My cold kept me from St. Patty’ing the way a really white boy with Scotch/Irish blood should. Oh well, I feel good today and will try to work out.
New Pet Peeve. This goes along with those chunks of human cholesterol who are always standing in the way. Those idiots who look like they’re standing in line, you get in back of them and it turns out they aren’t in line but they didn’t bother to tell you. Come to think of it, this isn’t new, but it has been happening a lot.
When you discover they aren’t in line - because someone else walks up in front of you - you then miss your place in line, then you have to ask; “Excuse me, are you in line?” Then they say no, as if to say, why do you ask? It takes everything I’ve got not to ask;
“So why did you think I was standing right in back of you, you mindless gerbil?”

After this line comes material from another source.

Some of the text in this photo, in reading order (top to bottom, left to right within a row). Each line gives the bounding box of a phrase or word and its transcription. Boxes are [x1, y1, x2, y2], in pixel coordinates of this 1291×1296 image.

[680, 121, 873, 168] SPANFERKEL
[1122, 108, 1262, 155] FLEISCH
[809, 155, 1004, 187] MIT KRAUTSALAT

Blue spray paint. I’ve said it before, I’ll say it again. We need to have roving independent teams of Civil Decency Police who, when they catch these inconsiderate and rude offenders, issue a ticket and a huge fine – that pays the CDP’s salary - and the officers spray indelible blue ink on their forehead so the rest of us will know ahead of time that they are a-holes.
“Excuse me, do you know who I am?”
“Yes, you’re the putz with the blue-tinted forehead, now get back in line, you schmuck.”

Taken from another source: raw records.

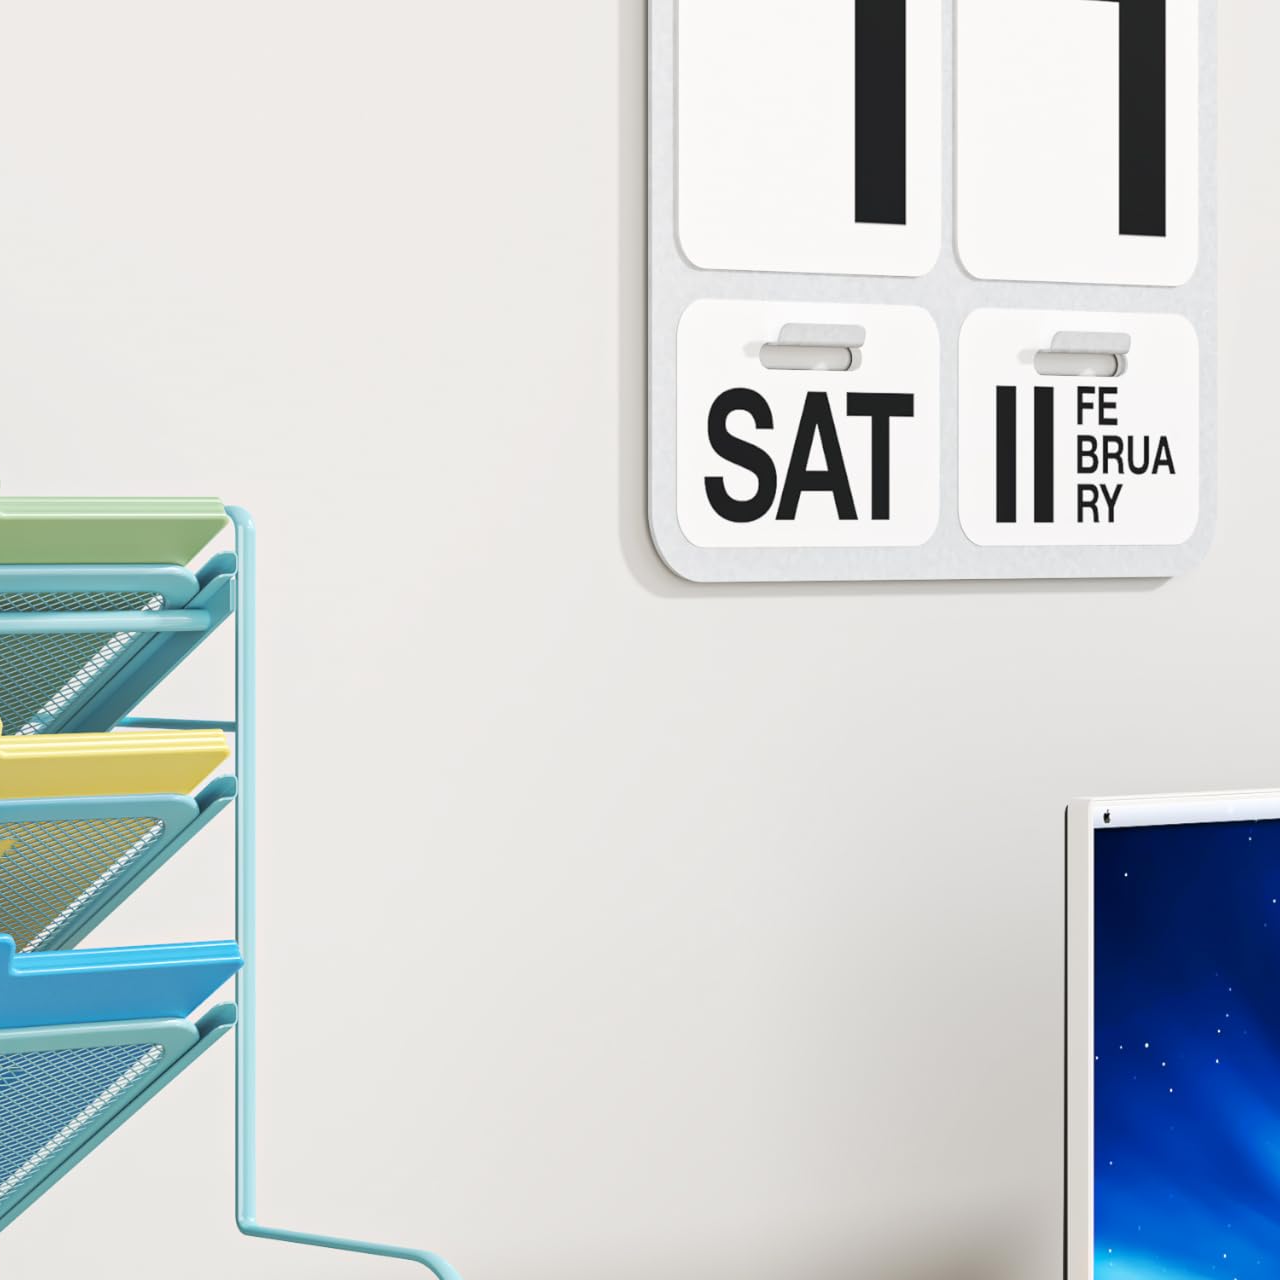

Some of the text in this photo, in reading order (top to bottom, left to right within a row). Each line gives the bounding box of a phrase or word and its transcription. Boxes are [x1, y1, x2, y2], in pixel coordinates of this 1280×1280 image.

[1076, 386, 1119, 426] FE
[704, 387, 915, 524] SAT
[1076, 435, 1176, 475] BRUA
[1076, 484, 1124, 524] RY
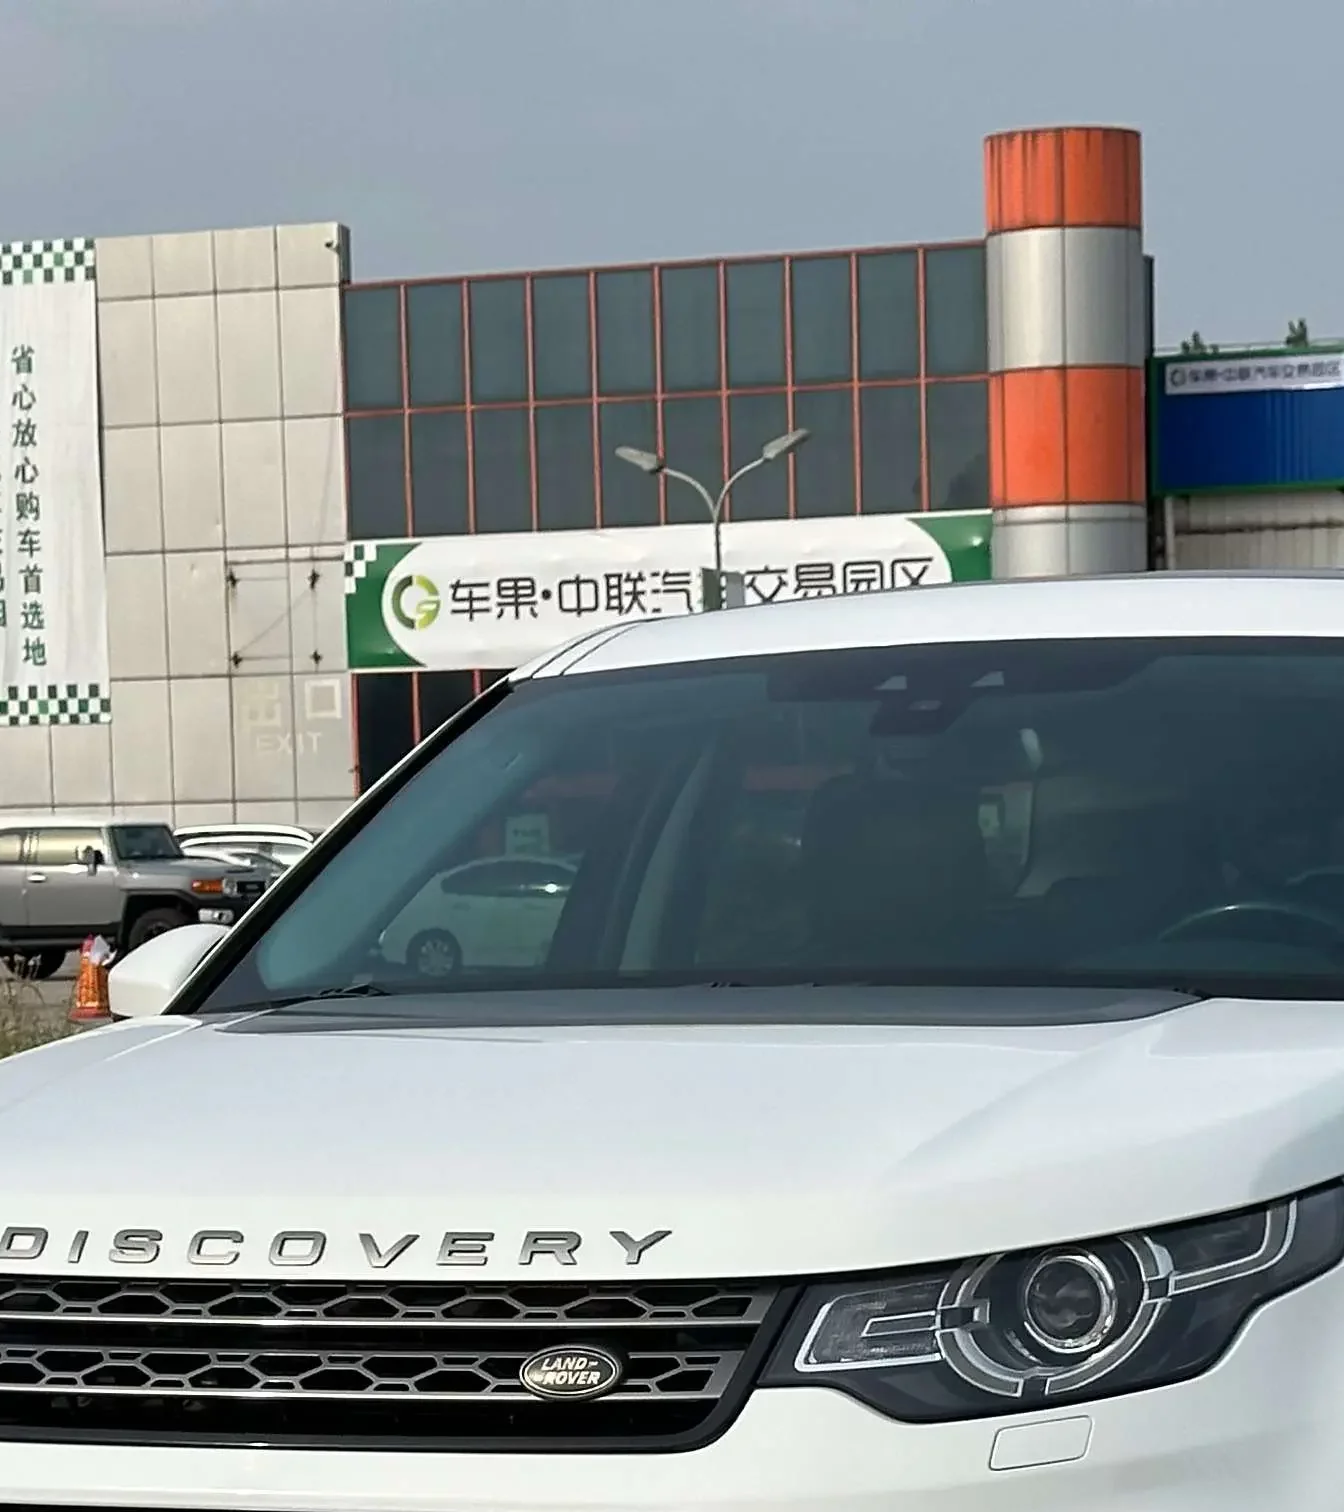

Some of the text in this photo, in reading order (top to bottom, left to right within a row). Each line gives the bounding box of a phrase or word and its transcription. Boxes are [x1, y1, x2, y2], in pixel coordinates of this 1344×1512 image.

[11, 344, 47, 666] 省心放心购车首选地
[449, 557, 934, 621] 车果·中联汽交易园区
[256, 731, 322, 755] EXIT

Park in a fire zone? Blue paint. Balance your entire check book before you write a check in the Ten Items or Less line? Blue paint. Make a pedestrian walking in the rain stand and wait while you drive by high and dry? Blue paint plus an added bonus of a kick in the ass. Subject captive strangers to loud cell phone conversations? Blue. Stand at the front of a long line and ask the clerk a billion stupid questions you should have answered yourself before making everyone in back of you wait? Taken outside and then shot. Then spray their face. Hang a long slow diagonal parking lot walk on a waiting driver? So blue. Sit there with –way-too-good-for-you-tickets-behind-home-plate and wave like an utter moron at the TV camera to the friends talking to you on your cell phone? Dunked in a vat of blue ink.
You got the idea.
Kooking Korner
Making this tonight along with a rotisserie grilled brine marinated chicken. This sauce is courtesy of my Food Network feisty gal, Rachel Ray. I got your peanut sauce here, Rachel.

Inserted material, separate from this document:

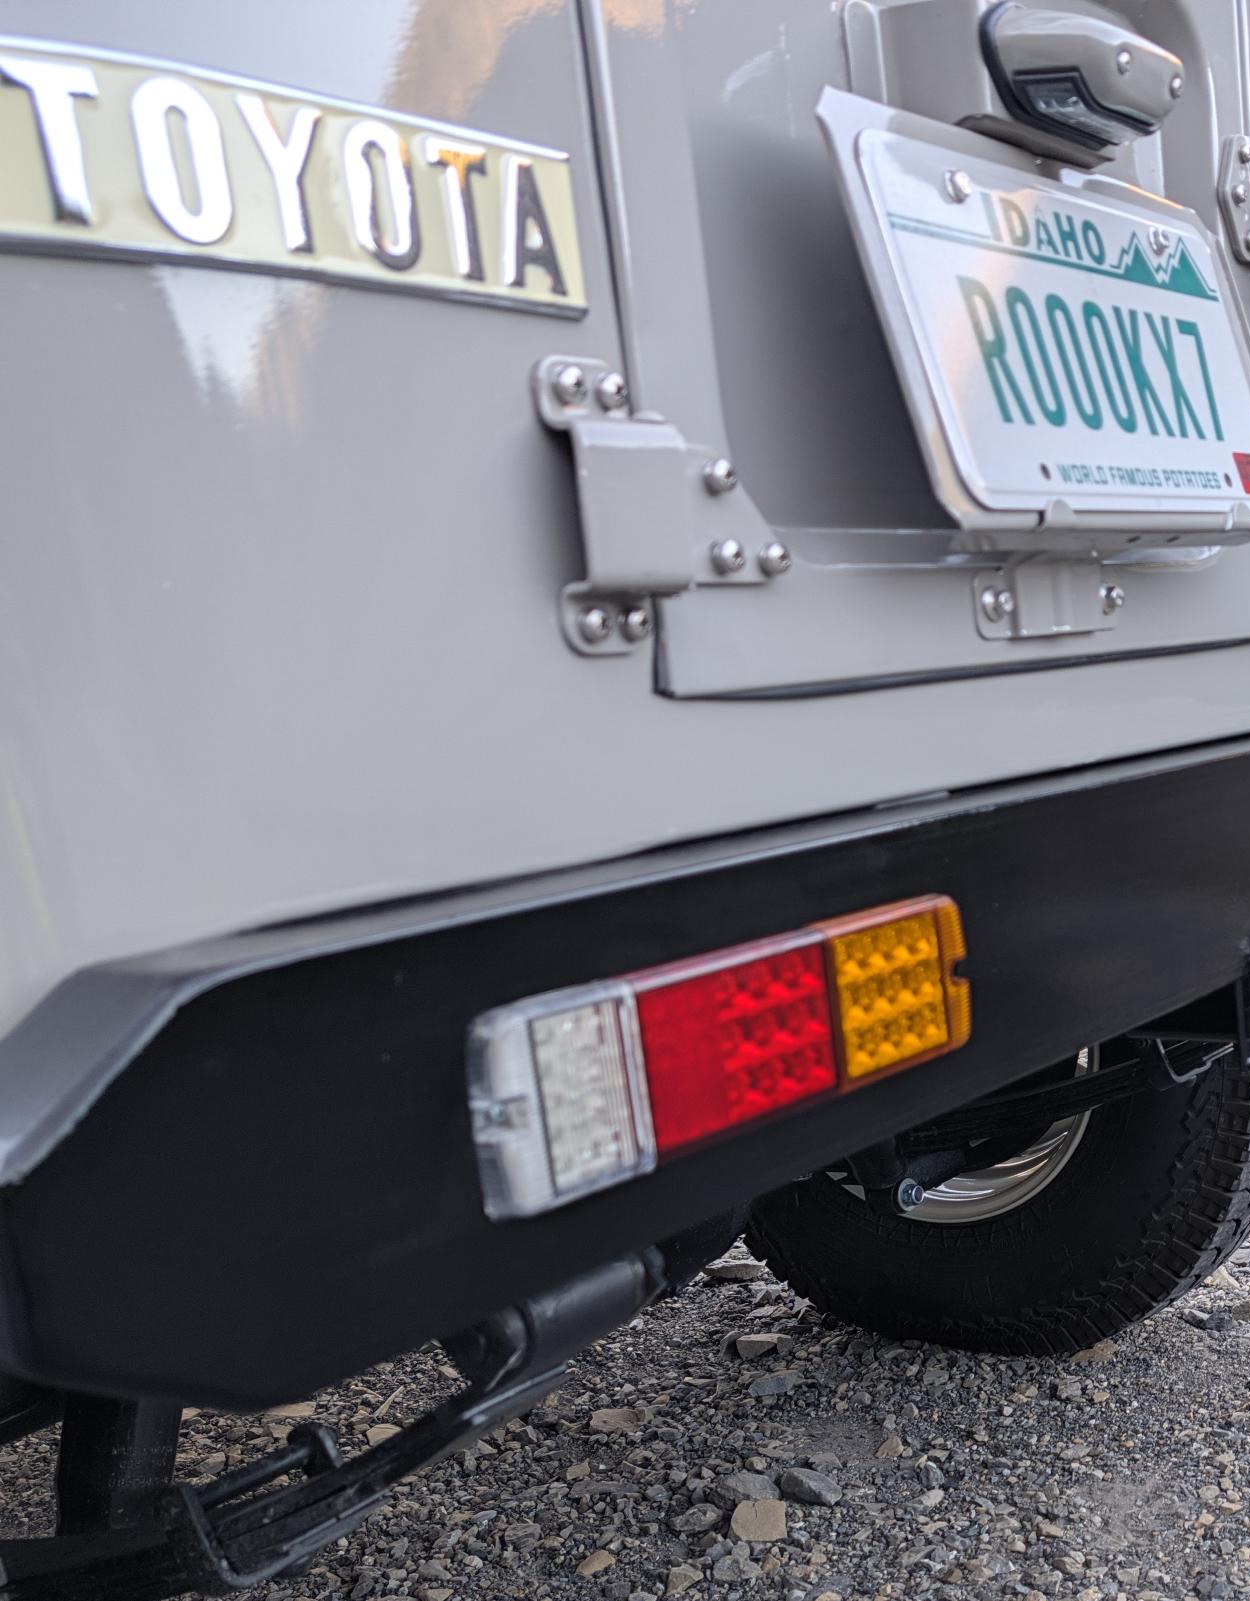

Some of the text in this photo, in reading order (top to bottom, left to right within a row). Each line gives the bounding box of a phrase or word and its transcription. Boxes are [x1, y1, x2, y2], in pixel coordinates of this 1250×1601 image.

[0, 56, 567, 296] TOYOTA
[979, 191, 1106, 265] IDAHO
[1056, 464, 1222, 490] WORLD FAMOUS POTATOES

1/2 pound spaghetti 1/4 cup Tamari dark soy, eyeball it 1/4 rounded cup smooth peanut butter, softened in microwave 15 seconds on high 2 tablespoons cider or rice wine vinegar 1 tablespoon dark sesame oil, eyeball it 2 tablespoons hot sauce 2 cups shredded cabbage and carrot mix, available in produce department 1 cup bean sprouts or pea shoots, any variety, available in produce department 3 scallions, chopped on an angle 2 tablespoons sesame seeds
Last time I added mustard but I think it overpowered the peanut sauce. Add a tossed salad on the side with Oriental dressing and crunchy won ton noodles with Mandarin oranges and Bob is your g-damn freakin’ Mofizzy Uncle, my Homeizzy.
Notice how nobody e-mails on weekends? Why is that? Also traffic on my blog plummets on Saturday and Sunday. It is clear that it serves only as a work time waster to a select and successful few. Right on, Slats and Nuggies.
More crap you don't care about
For the first time I snowboarded with my iPod last trip in Park City and it was great. It was like starring in a really sad and pathetic Warren Miller movie;
Narrator:
“And here is Alex Kaseberg, watch as he comes over the top of a slightly- steeper-than-normal double blue and slows to perfect the whimpy falling leaf traverse. See how he pushes off all the fresh snow ruining that path for those who will follow?”
As the music plays, you get fired up and it could easily turn into a case of your brain writing checks your body cannot cash. (In the light and fresh powder of Utah, it actually occurred to me to launch some air. I am not a launch some air snowboarder) At one point AC/DC's "Noise Pollution" sent me rocketing into the trees. Bless the helmet.
But as I came in on the last run of the trip, Joe Walsh’s “Rocky Mountain Way” kicked in and it was more than kinda cool. Kinda cool.